Sionisme, antisionisme et antisémitisme
Mokhtar Homman
Le conflit israélo-palestinien ne se déroule pas isolé du reste du monde. Nous allons étudier dans cet articles et les suivants dans quel cadre le sionisme évolue, quelles sont ses connexions et ramifications avec l’évolution et la situation mondiales, comment il s’inscrit dans l’action de l’impérialisme occidental.

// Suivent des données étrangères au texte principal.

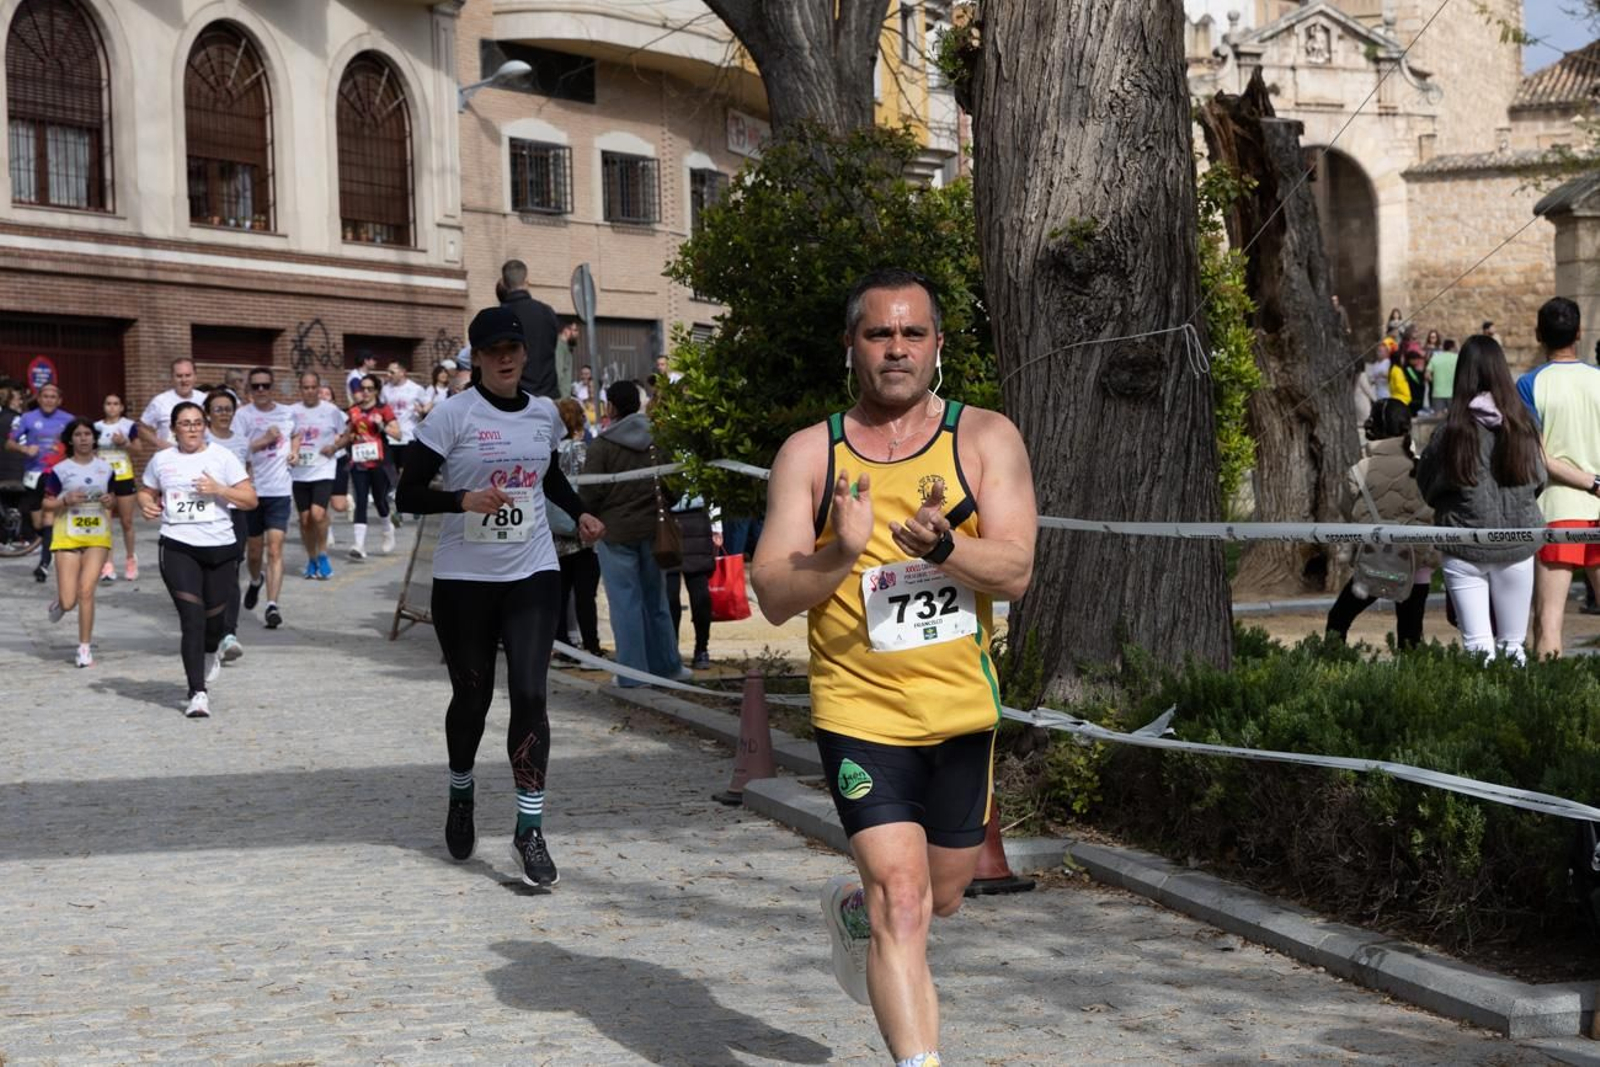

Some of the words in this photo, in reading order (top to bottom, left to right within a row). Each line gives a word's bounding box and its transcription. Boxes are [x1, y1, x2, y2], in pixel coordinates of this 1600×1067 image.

[177, 501, 205, 512] 276
[75, 517, 99, 526] 264
[482, 508, 523, 526] 780
[1488, 531, 1534, 542] DEPORTES
[888, 586, 959, 624] 732
[914, 618, 943, 628] FRANCISCO

Pour comprendre le contexte actuel global dans ses différents aspects nous alors d’abord présenter l’enjeu essentiel, stratégique, des affrontements géopolitiques en cours : l’énergie et un nouveau venu, les terres rares.
Les hydrocarbures
Se présentant comme une « avancée du monde occidental » dans la région, Israël est le bras armé de l’impérialisme occidental pour contrôler la production et l’acheminement des hydrocarbures (pétrole et gaz) dont la région du Proche Orient est immensément dotée. Pour l’impérialisme occidental, les Juifs sont la chair à canon dont ils ont besoin pour peser militairement au Proche-Orient.
Les épisodes essentiels de cette volonté occidentale de contrôle des hydrocarbures dans la région remontent aux évènements majeurs suivants :
- Fondation de l’Anglo-Persian Oil Company en 1909 suite à la découverte d’un vaste gisement pétrolier à Masjed Soleiman en Iran, le premier dans la région.

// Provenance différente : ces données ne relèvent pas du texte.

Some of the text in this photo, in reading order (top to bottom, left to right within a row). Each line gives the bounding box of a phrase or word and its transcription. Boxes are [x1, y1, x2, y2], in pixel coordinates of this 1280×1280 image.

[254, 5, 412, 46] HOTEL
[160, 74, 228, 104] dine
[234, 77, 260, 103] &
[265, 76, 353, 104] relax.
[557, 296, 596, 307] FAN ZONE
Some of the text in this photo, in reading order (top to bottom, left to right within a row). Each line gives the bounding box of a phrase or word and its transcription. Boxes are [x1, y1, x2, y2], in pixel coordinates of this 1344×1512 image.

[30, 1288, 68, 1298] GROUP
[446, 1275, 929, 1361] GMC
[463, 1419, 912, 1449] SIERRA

- Pacte du Quincy entre Ibn Saoud et Roosevelt le 14 février 1945 pour l’accès illimité des États-Unis aux ressources d’hydrocarbures de l’Arabie Saoudite, contre la « protection » américaine du régime.

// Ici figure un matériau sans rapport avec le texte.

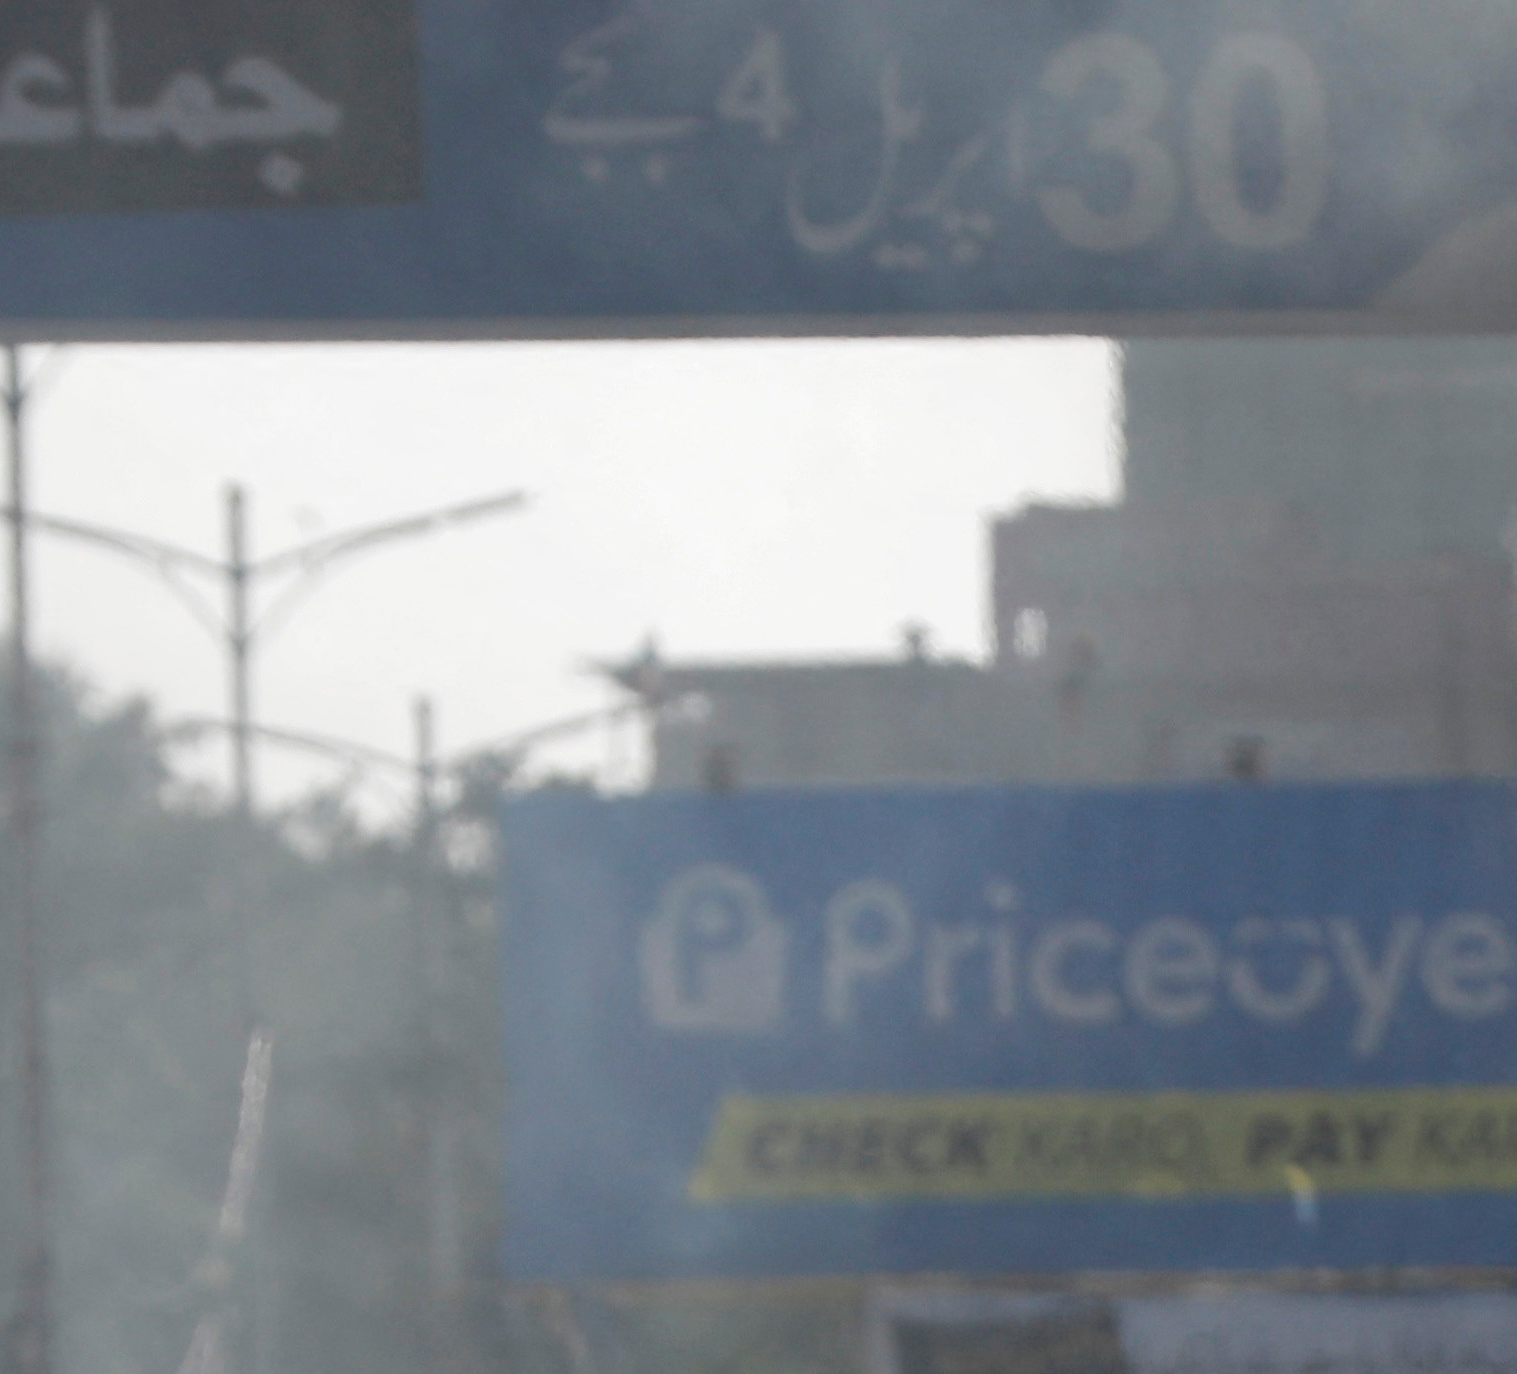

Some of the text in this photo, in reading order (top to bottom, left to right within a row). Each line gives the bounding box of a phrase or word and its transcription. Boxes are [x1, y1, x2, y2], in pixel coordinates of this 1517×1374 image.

[716, 26, 797, 144] 4
[1036, 28, 1327, 255] 30
[745, 1117, 990, 1180] CHECK
[1246, 1108, 1400, 1170] PAY
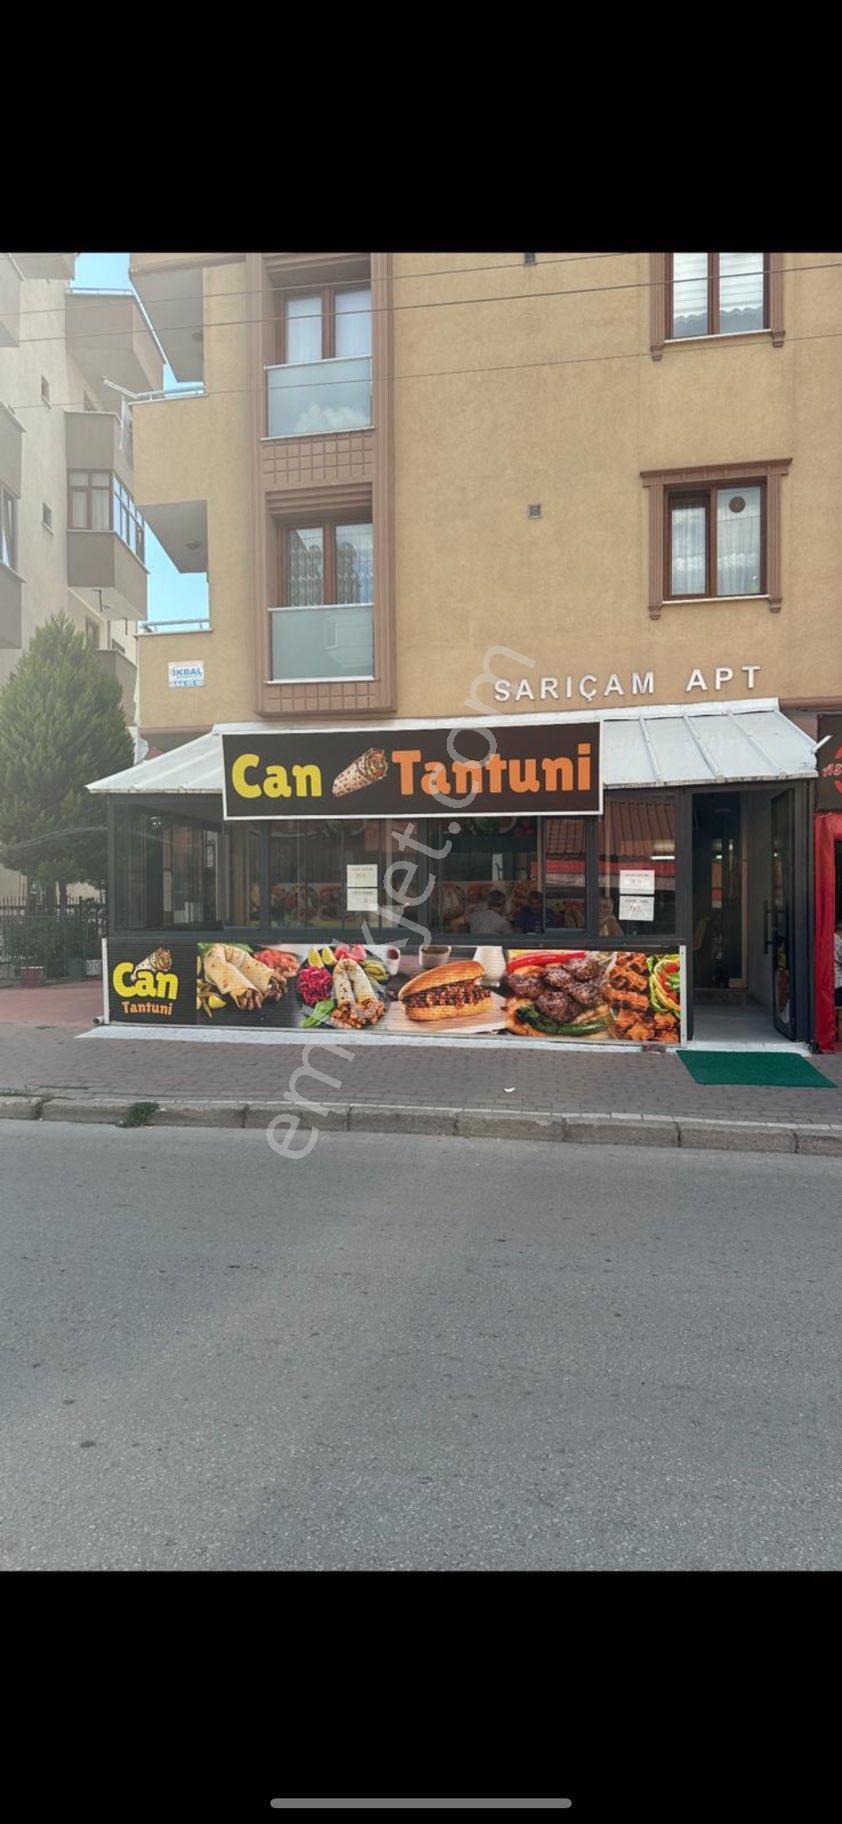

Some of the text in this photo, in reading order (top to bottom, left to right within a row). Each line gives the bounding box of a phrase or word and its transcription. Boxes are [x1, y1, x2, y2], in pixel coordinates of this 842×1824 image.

- Renversement du premier ministre iranien Mossadegh, un nationaliste laïc, par un coup d’État anglo-américain le 19 Août 1953. Mossadegh avait nationalisé l’industrie pétrolière iranienne, sous contrôle britannique depuis 1913, face au refus de l’Anglo-Persian Oil Company (APOC) de renégocier les termes du contrat d’exploitation des gisements pétroliers iraniens.
- Provocation de l’attaque irakienne puis le soutien aux deux belligérants de la guerre Irak-Iran entre 1981 et 1989.
- Guerres et invasions contre l’Irak en 1991 et 2003.
- Objectif impérialo-sioniste d’attaquer l’Iran depuis la révolution de 1979 pour reprendre le contrôle de ses ressources en hydrocarbures, sous prétexte d’une menace iranienne contre Israël. Sans oublier que l’Iran est un des plus gros fournisseurs en pétrole de la Chine.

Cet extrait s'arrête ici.